Borazandan Saz Semaisine

Gavsi Bayraktar
Eski İstanbullu

Hani, “züğürtleyince eski defterleri kurcalamak” diye bir deyim vardır. Bu gece ben de eski defterlere daldım, aranırken neredeyse tam iki yıl önce yazdığım bir yazı ilişti gözüme.

Beni gerçekten etkileyen bir yazıydı. Sizlerle paylaşmak istedim. Buyurunuz:

*

Amansız bir yaz günü, benden daha yaşlıların tanımlamalarıyla, eyyam-ı bahur, ya da samyeli…

Sabah erkenden denize girip eve saklandık hanımla birlikte. Ekmek almak için bile akşam ezanından sonra indik köye.

Akşam maç seyretmek niyetindeyim. Galatasaray ile Kayserispor’un süper kupa maçı var. Sinek kovucu tütsüyü yaktım; kavun, peynir, salatalık (boyuna dilimlenmiş), bir de “ismi lazım değil”; masaya çöktüm. Gerisi hanım sultanın himmetine kalmış artık. Bana düşen, maça odaklanmak.

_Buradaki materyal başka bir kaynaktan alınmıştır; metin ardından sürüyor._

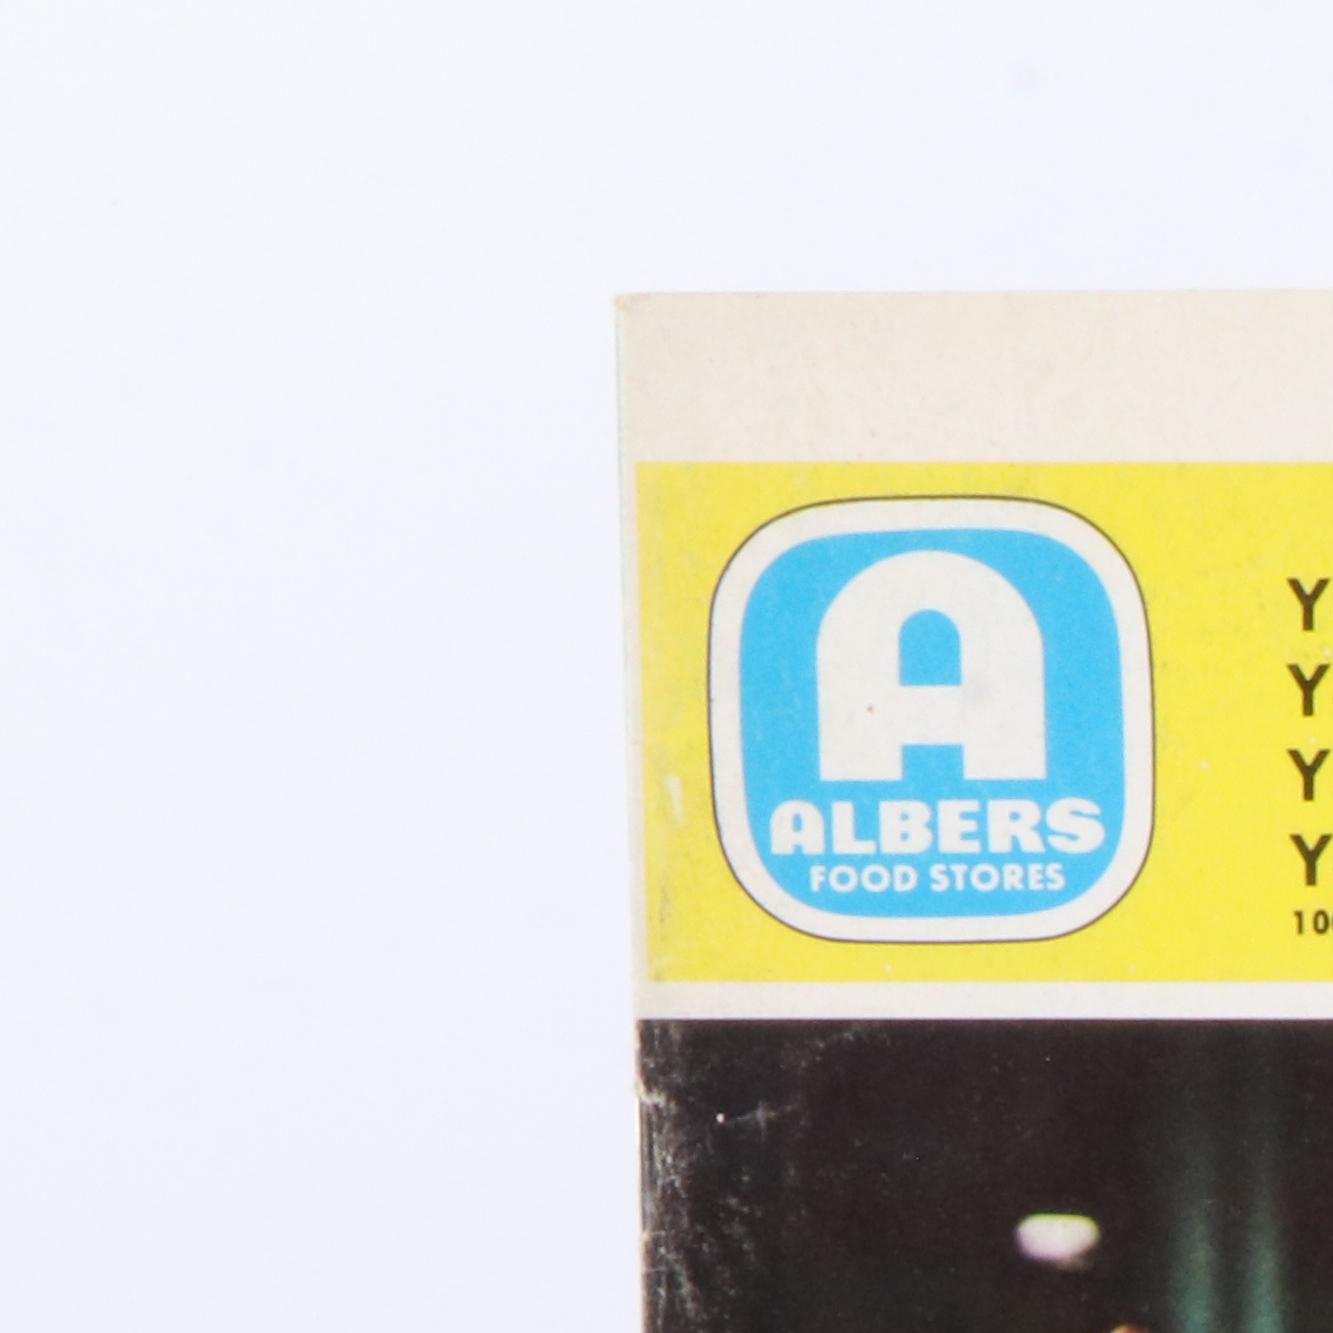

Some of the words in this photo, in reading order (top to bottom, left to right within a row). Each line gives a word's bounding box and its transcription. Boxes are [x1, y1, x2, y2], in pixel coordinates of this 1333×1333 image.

Yayın başladı. 1999 depremi ve federasyon başkanı anısına saygı duruşu yapılıyor. Fonda bir müzik! Trompet sesi! Saygı duruşlarında çalınan bir ritüel bu. Ama, bir aksaklık var!.. Hani bir şiirin mısralarını, sıralarını karıştırarak okursunuz ya!.. Hani bir müzik eserinde, partilerin sırasını karıştırırsınız ya!.. Öyle işte!.. Kim icra etmişse, cahilce, bilinçsizce ve zevksizce çalmış sazını!.. “Trompet böyle mi çalınır!” diye düşünürken, bir anda kopuyorum ve aynı ritüelin bilerek ve duyarak yapılmış bir icrasında buluyorum kendimi.

Elli yıl önce, 2 Ağustos 1961 akşamı, İstanbul Boğaziçi’ndeki Kuleli Askerî Lisesi bahçesi…

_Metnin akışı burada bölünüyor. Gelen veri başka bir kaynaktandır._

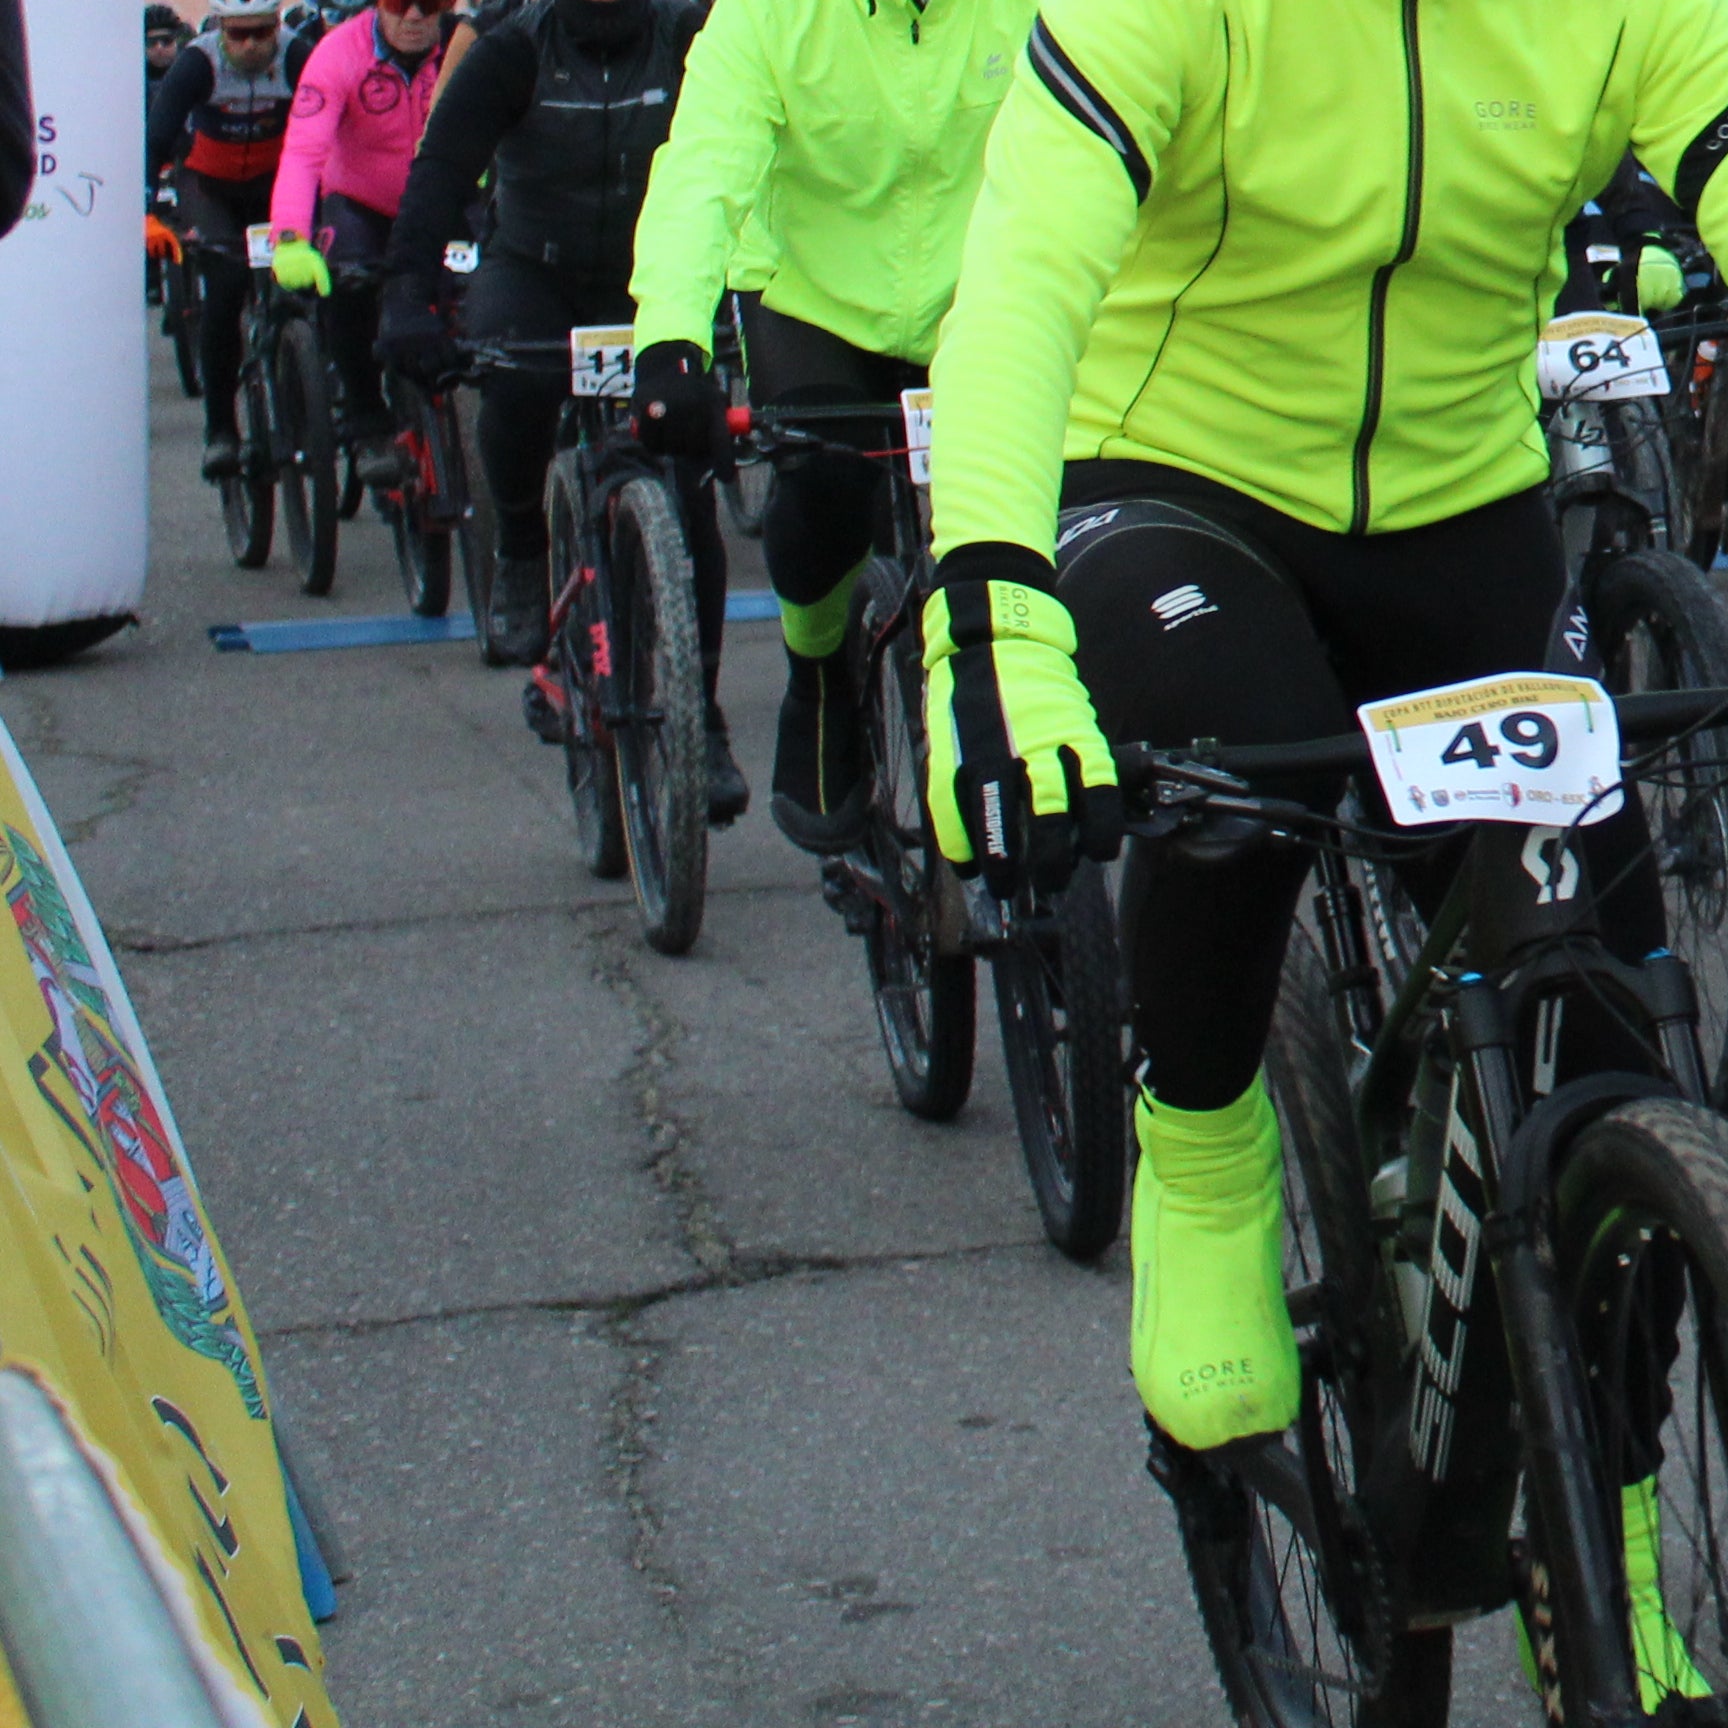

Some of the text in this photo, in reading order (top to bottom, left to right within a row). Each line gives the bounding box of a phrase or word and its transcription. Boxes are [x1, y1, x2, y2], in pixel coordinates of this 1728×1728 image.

Kaynak: https://www.tarihi.ist/kuleli-askeri-lisesi/

25 Ağustos 1958 sabahı dört yüz seksen arkadaşla başlayan lise eğitimi sona ermiş, dayanan kalmış, dayanamayan gitmiş; eleğin üstünde kalma başarısını gösteren üç yüz on dokuz kişi yarın öğleden sonra Karaköy rıhtımından Ordu gemisine binip İzmir’e, Menteş’e, Harbiye’nin kampına gidecek. Eleğin altına düşen son birkaç arkadaş da eve!..

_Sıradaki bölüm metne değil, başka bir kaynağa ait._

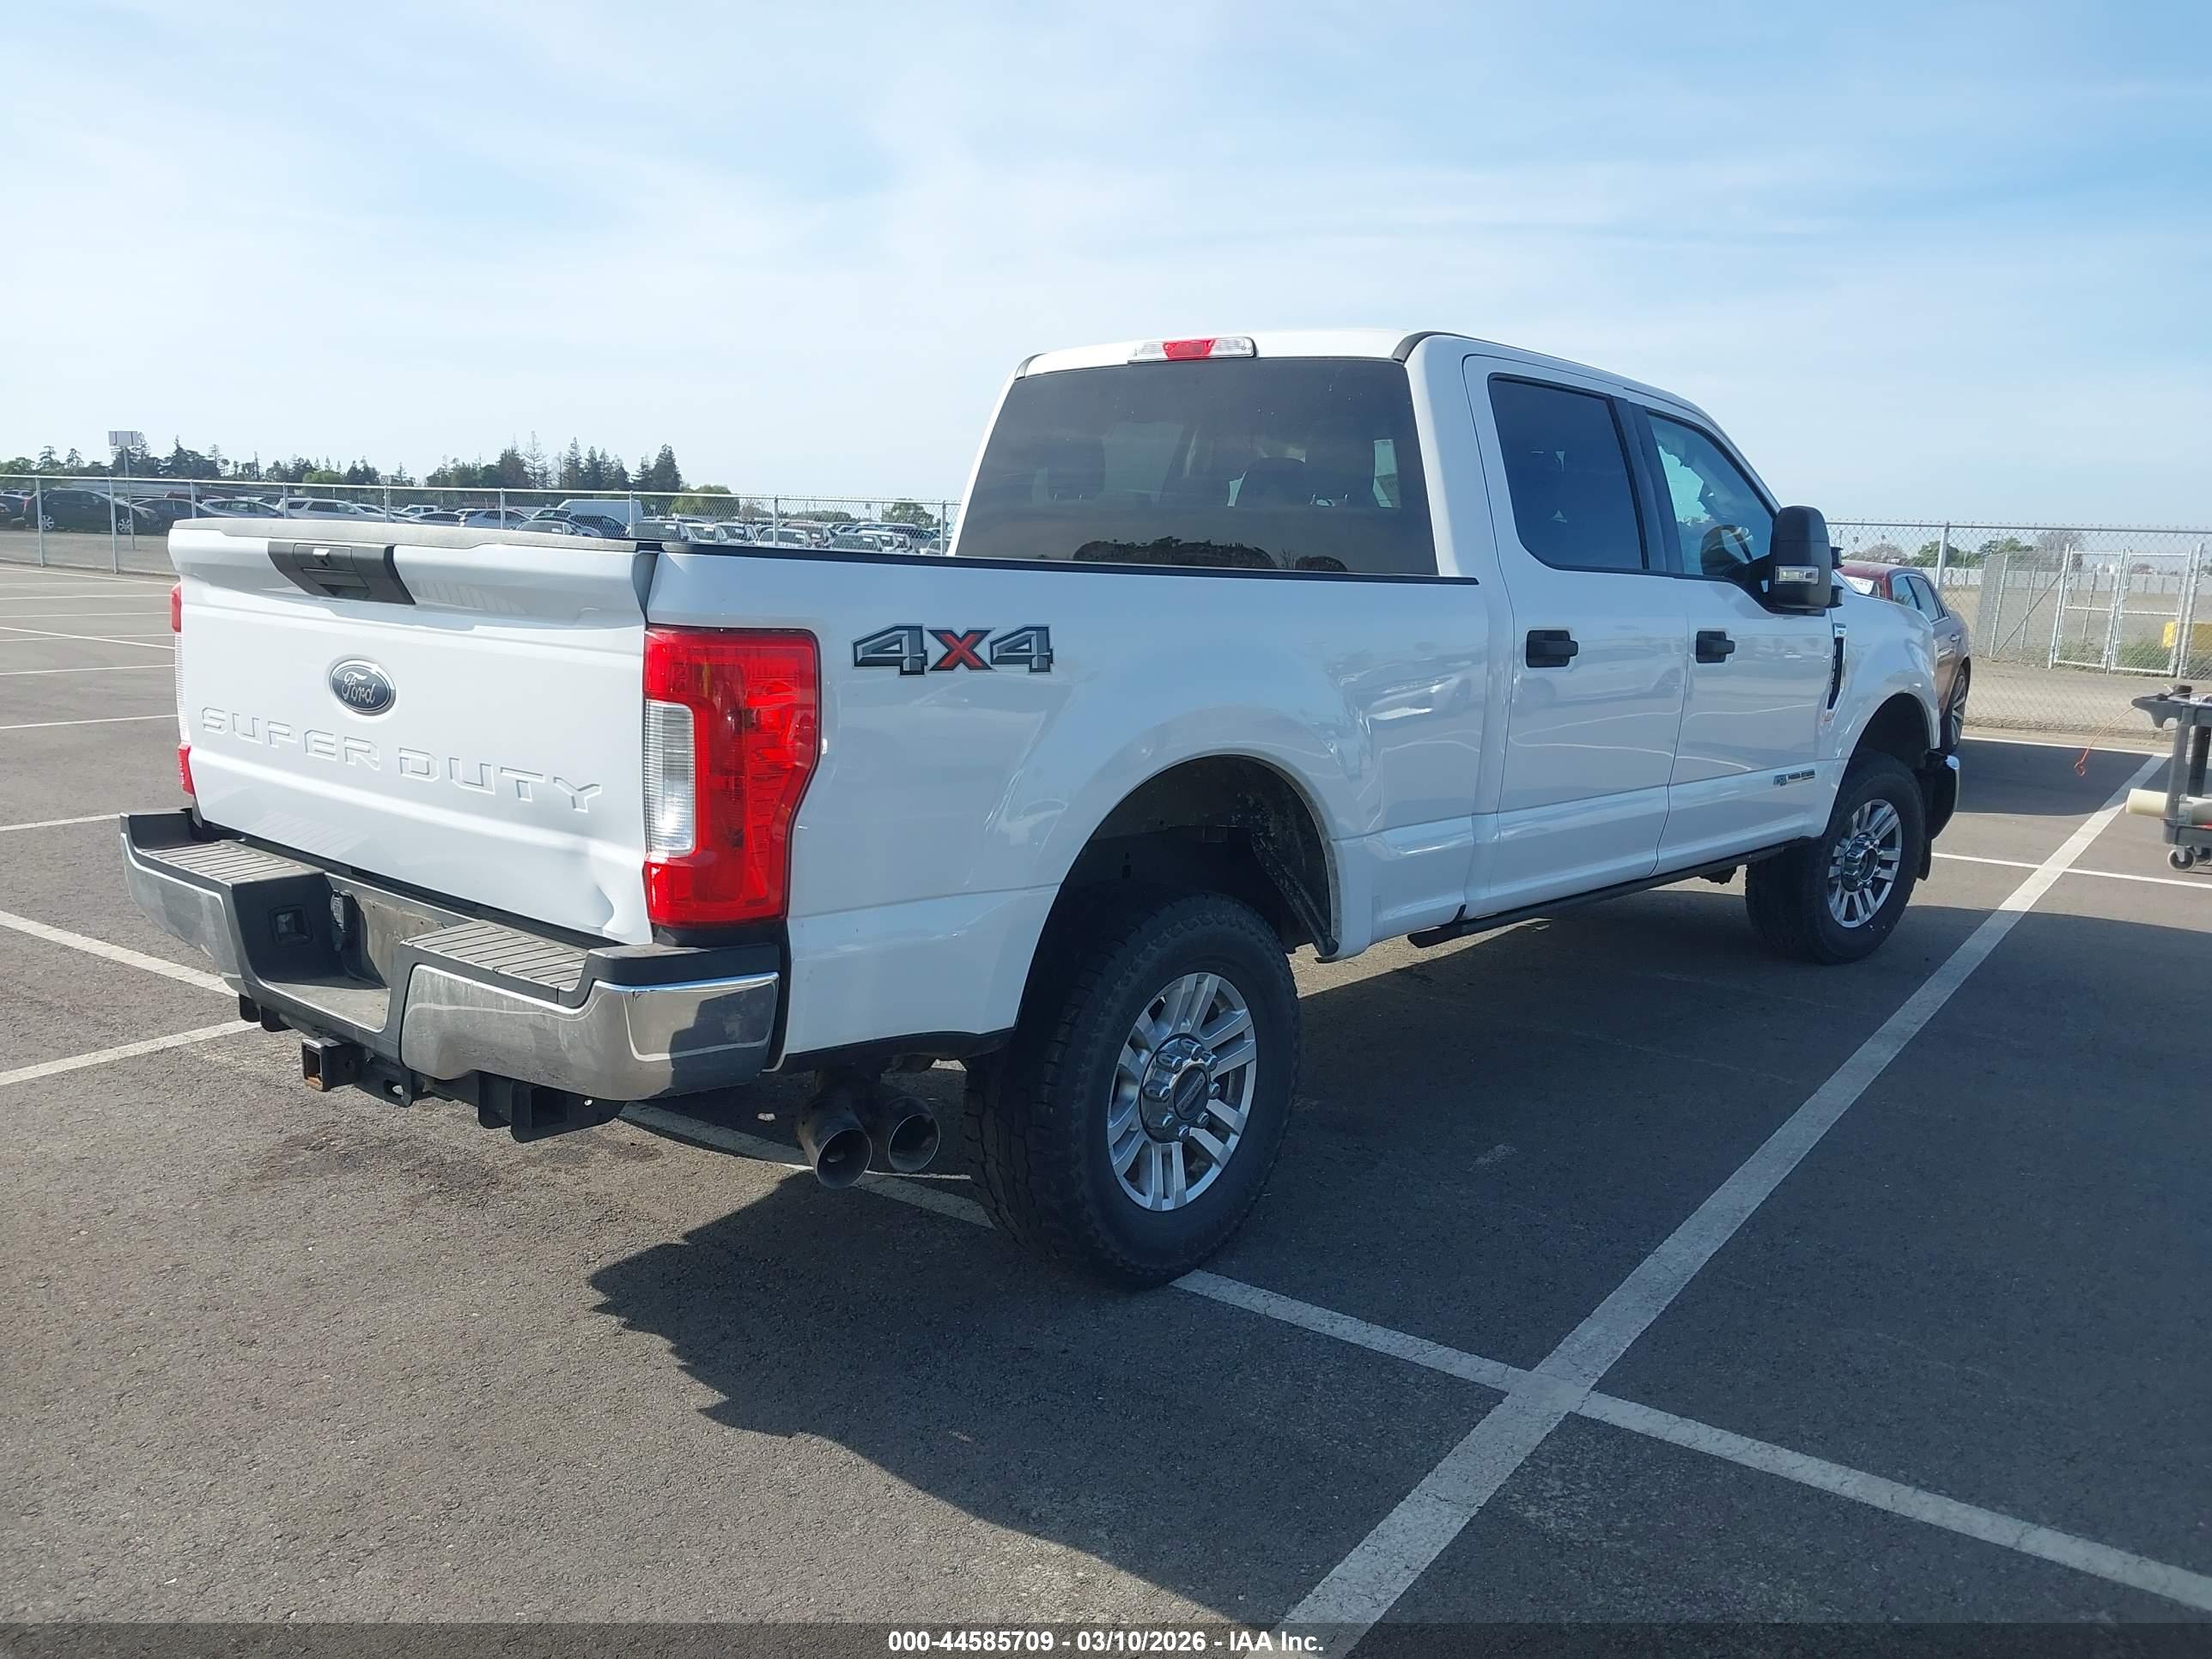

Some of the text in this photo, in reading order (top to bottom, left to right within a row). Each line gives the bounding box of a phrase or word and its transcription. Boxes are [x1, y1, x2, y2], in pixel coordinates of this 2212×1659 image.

Çok sıkı, çok katı bir eğitim görmüşüz. Üç yılda dört yüz seksenden üç yüz on dokuza düşmek bunun doğal sonucu ve de kanıtı. Sadece ders değil, ders dışı yetenekler de öne çıkartılmış. Bunların arasında müzik de var elbet. Sivil elbiseyi çıkartıp üniformayı giymemle birlikte, (Neden ve nasılını bilmiyorum!) okulun bando birimine seçildim ve yine bilmediğim bir nedenle tenor saksafon çalmakla görevlendirildim. (On beş on altı yaşlarında, eline verilmiş sazın üstündeki binlerce (!) deliği kontrol eden yüzlerce (!) düğmeden korkmayacak delikanlı varsa, gelsin, pardon derim!) Gerçi sonuçta kaytardım ve bateriye kapağı attım, böylece ve şans eseri müzikten kopmadım. O guruptan aramızda zamanına göre değer sayılabilecek yetenekte arkadaşlar çıktı. Benim kaytardığım tenor saksafonda Paşabahçeli Gürol, pikolo flütte Çıkık İsmail, trompette Uykucu Ergün ve parmak çocuk (Aadını hatırlamıyorum!), davulda Lâz Altay, ilk anda aklıma gelenler. Bu arada ben de bateride oldukça iyi idim doğrusu! (Ehem!!!)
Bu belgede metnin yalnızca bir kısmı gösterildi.